BTW, this article will be updated as we get more vSphere updates. As we get those updates I hope we get some goodness for Content Libraries.
What is a Content Library?
A Content Library is a place to store templates, vApps, OVA / OVF, as well as other files. A Content Library (CL) can be local to one vC or subscribed across multiple vCenters. Even in a single vC environment it will provide value as a single place to store files, but in a multi – vCenter environment you will really be able to take advantage of a CL – think about it. One place to find a template, or a VA that you use often. This promotes consistency as well as better space management.
What does it look like?
In some ways it looks quite like you would expect. Meaning it is out of sight, until you need it – for the most part and then you only see a little for what you need. At least that is mostly true.
Working with a template that is stored in a Library?
You can create a VM from a template that is stored in the CL in a number of ways. You could go right into the CL and right click on the item and use it. But a more common or familiar way is to use the Action menu and select New Virtual Machine \ New VM from Library.
And while you might think the process from this point would be what you are used to that is NOT true. Behind the scenes of the Content Library it stores templates in OVF format. So creating a new VM from the template in the library is deploying a OVF. So, there is no good option for using a Customization Specification. Not good. Yes, you can – after deploy is complete – right click on the VM, select Guest OS and select Customize Guest OS. This is not the same Custom Specification wizard you are familiar with. It does allow you to select a custom specification but not modify. So this makes this feature – using a template in the CL not very useful. You can use it to deploy OVA you get form VMware but not much else! Unfortunately if you keep reading you will discover that using ISO out of the CL is not that useful either.
How do I get a template into a Library?
You would start in the VMs and Templates view.
Now you right – click on the template and you will see some new options.

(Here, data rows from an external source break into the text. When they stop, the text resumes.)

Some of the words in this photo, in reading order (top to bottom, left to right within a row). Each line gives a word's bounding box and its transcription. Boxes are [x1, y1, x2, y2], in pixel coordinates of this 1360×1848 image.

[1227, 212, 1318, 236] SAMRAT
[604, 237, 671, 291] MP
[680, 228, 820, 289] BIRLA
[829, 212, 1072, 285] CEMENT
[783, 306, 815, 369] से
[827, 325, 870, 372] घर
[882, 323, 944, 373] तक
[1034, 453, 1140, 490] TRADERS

Use the Clone to Library option.
This is an interesting screen. Fill in the typical info, and pick your library. But note the two options at the bottom? There is not much info I can find on them in the docs. But they make more sense when you realize that inside the library the template is stored in .OVF format and those two options are about OVF. I think in a single vC environment there is not need for those options.
This will take longer then importing the ISO, but you can watch the status in the Recent Tasks – as seen above.
Working with an ISO from a Library
Lets start in the vSphere Web Client and assign a Win2K12 ISO to a VM.
We Edit Settings on this VM.
We have selected Datastore ISO File and connected it. But where is the ISO file? That is where this lovely story falls to pieces.
We need to select the datastore, and look for the content library, which may be hard to find if you have more then one library.
Now – thank goodness that we have only one or two things in our library.
Which is the Win2K12 ISO?
OK. Found it.
We select it as per normal and we are good.
If we look in the VM we will see the ISO.
Important note: you do not see me shaking my head. It is clear to me that VMware missed a very normal and typical use case with using ISO in the Virtual Infrastructure. Maybe they did not miss it and it was prioritized very low for some reason. While I showed you something that worked, it is not really workable. If you have a multiple of libraries, and a multiple of things in each it will not work. You would be better off – until this is fixed – to continue doing ISO as you are doing them now. I will commit to bring this to the attention of VMware and hopefully share this frustration with them (update: they know).
How do I get an ISO into the Library?
We start at the Home page and access Content Libraries.
Once we see the list of Libraries – in our case only one so far called ISO.
We click on the Library (ISO) and we will be inside of it and see something like below.
We want to add an ISO that our users can use. So lets change to the Other Types area which makes more sense to add ISO to as compared to the Templates area where we are now.
Now that we are on the Other Types area we can use the Import button as seen above with the red arrow point at it.
I have selected in the screenshot above my Win2K12R2 ISO. I put some notes to help identify this ISO and we continue.
Before you know it we have an ISO in the library.
If you are curious what this ISO looks like in the storage location you can see below in the screenshots.
If you have a lot of things in your Content Library, or more than one CL you might have a very confusing path to find where things are.
If you click on the Library item – in this almost empty library it is the Win2K12 ISO, you will see additional options.
Under the Actions option you have a number of options.
As well you have the blue arrow for Export, and the green arrow is what we used to upload the ISO. Export could be used to pull the ISO down to your local desktop.
If you double-click on the item you will see more info.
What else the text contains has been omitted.